SUPPLIED DATA:

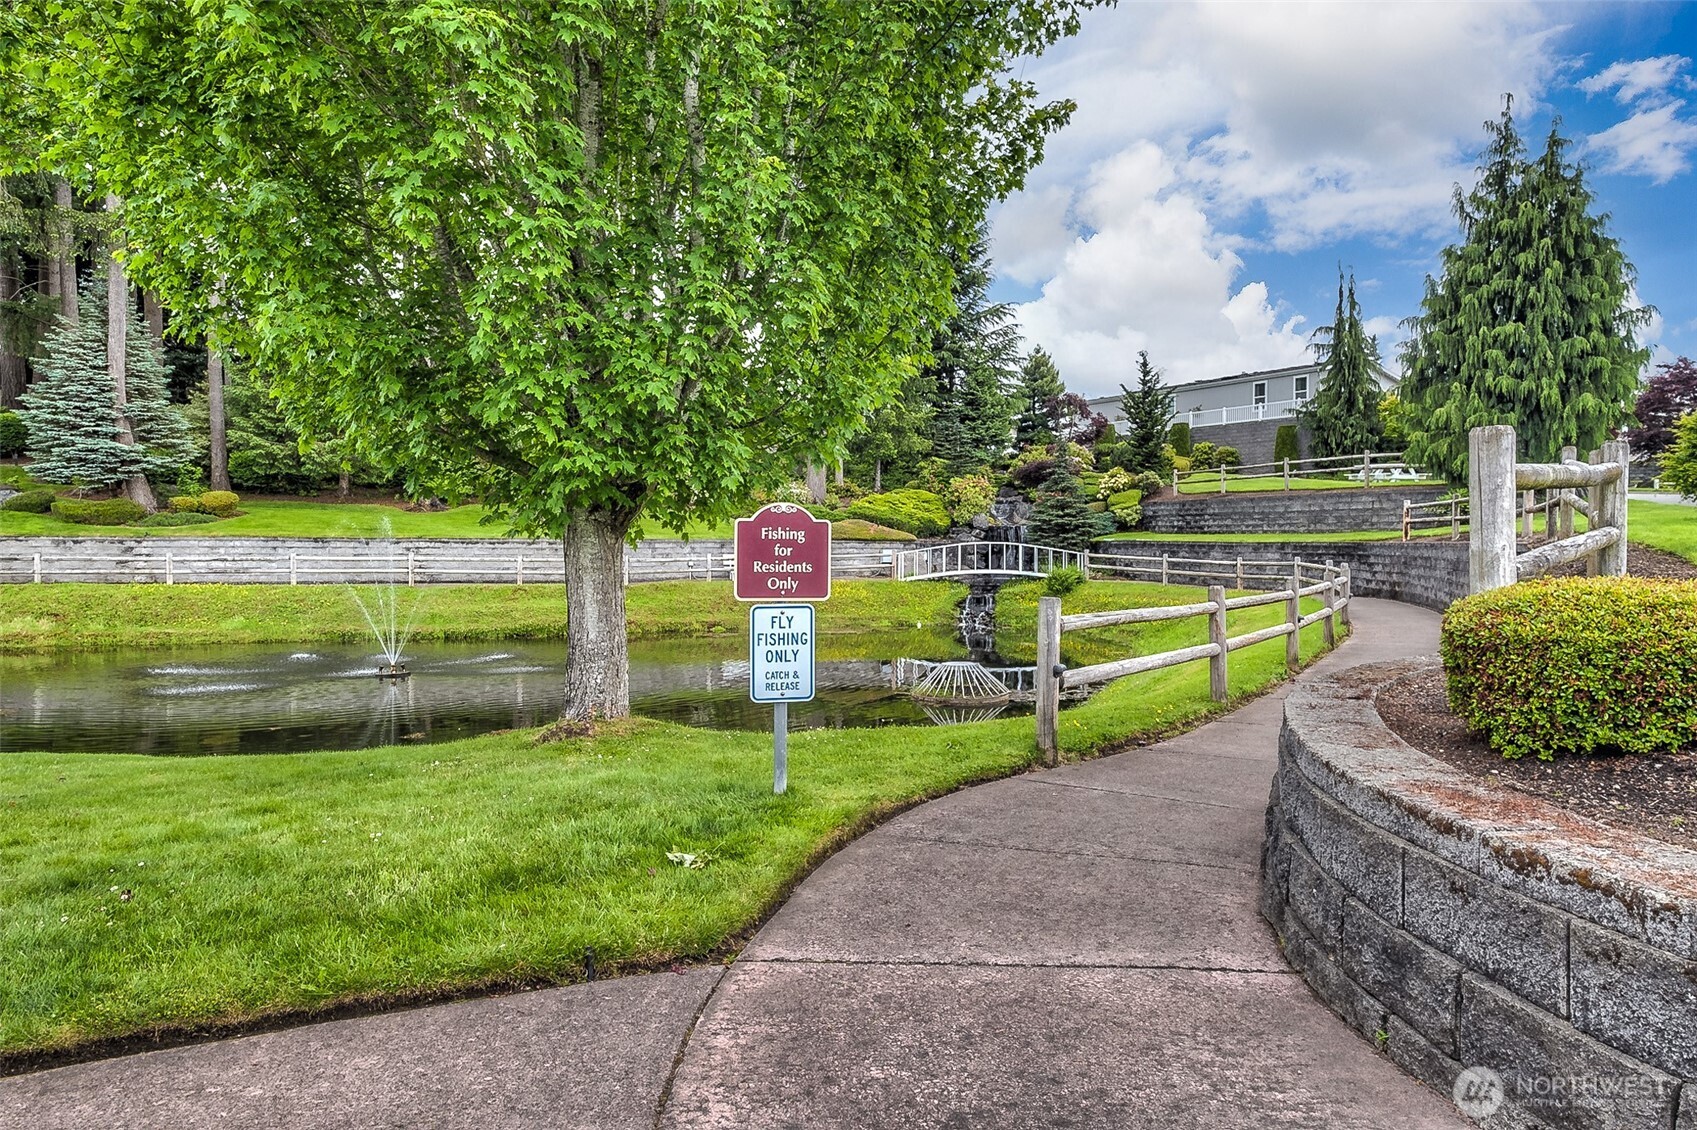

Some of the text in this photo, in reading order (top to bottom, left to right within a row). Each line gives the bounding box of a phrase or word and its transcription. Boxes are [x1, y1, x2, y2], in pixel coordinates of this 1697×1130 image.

[761, 527, 806, 543] Fishing
[774, 543, 793, 556] for
[753, 560, 813, 573] Residents
[767, 577, 799, 593] Only
[771, 616, 794, 629] FLY
[757, 632, 808, 646] FISHING
[765, 650, 799, 663] ONLY
[765, 670, 800, 680] CATCH &
[765, 682, 800, 691] RELEASE

EXERCISE: The pictures stay out; copy the rest of the data word for word.

SOLUTION TO THIS EXERCISE:
Some of the text in this photo, in reading order (top to bottom, left to right within a row). Each line gives the bounding box of a phrase or word and its transcription. Boxes are [x1, y1, x2, y2], in pixel coordinates of this 1697×1130 image.

[761, 527, 806, 543] Fishing
[774, 543, 793, 556] for
[753, 560, 813, 573] Residents
[767, 577, 799, 593] Only
[771, 616, 794, 629] FLY
[757, 632, 808, 646] FISHING
[765, 650, 799, 663] ONLY
[765, 670, 800, 680] CATCH &
[765, 682, 800, 691] RELEASE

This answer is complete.